Each line of the records that follow must come back exactly, with pictures skipped.

= Task material =
──────────────────────────────
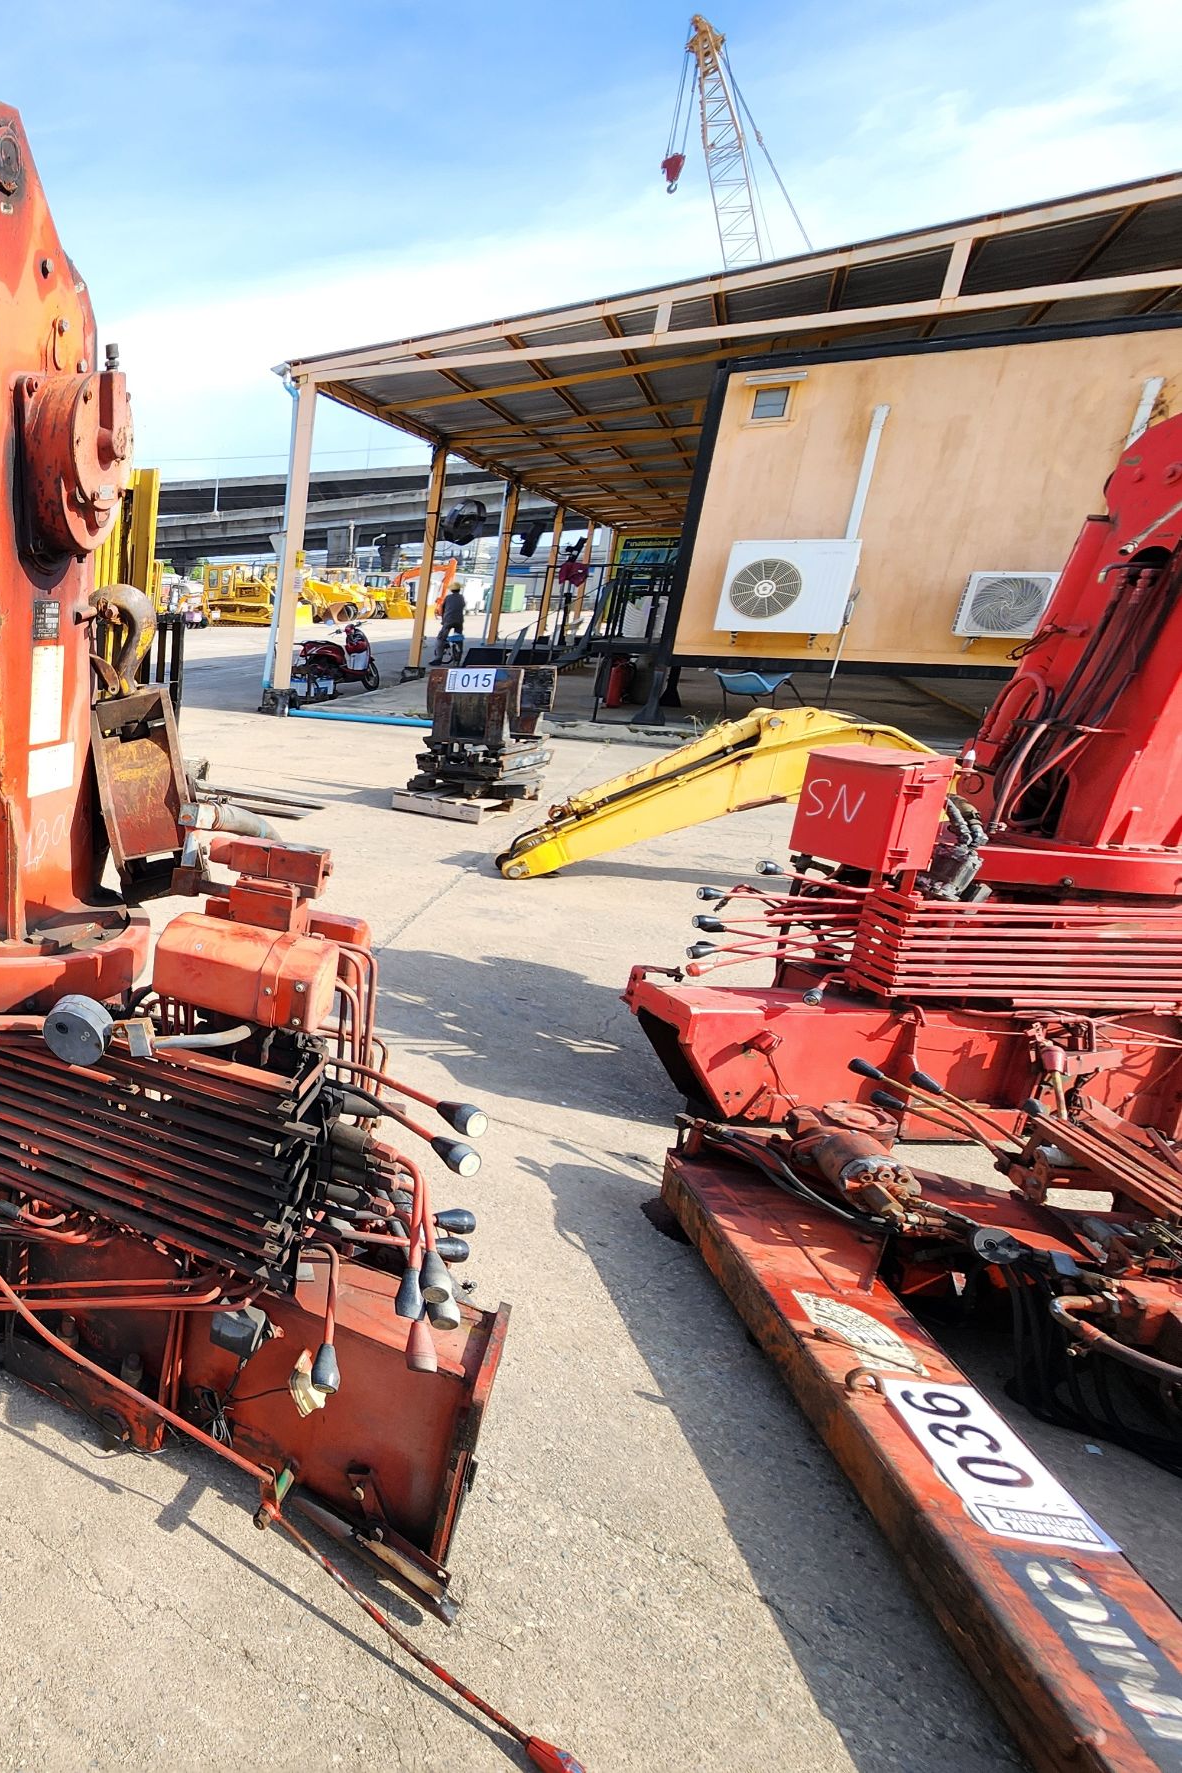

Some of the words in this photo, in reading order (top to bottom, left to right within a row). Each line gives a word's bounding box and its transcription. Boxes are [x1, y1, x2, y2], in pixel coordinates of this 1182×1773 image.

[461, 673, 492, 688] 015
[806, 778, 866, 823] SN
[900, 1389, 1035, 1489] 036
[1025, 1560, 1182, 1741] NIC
──────────────────────────────
= Solved problem =
Some of the words in this photo, in reading order (top to bottom, left to right within a row). Each line gives a word's bounding box and its transcription. Boxes are [x1, y1, x2, y2], in pixel coordinates of this 1182×1773 image.

[461, 673, 492, 688] 015
[806, 778, 866, 823] SN
[900, 1389, 1035, 1489] 036
[1025, 1560, 1182, 1741] NIC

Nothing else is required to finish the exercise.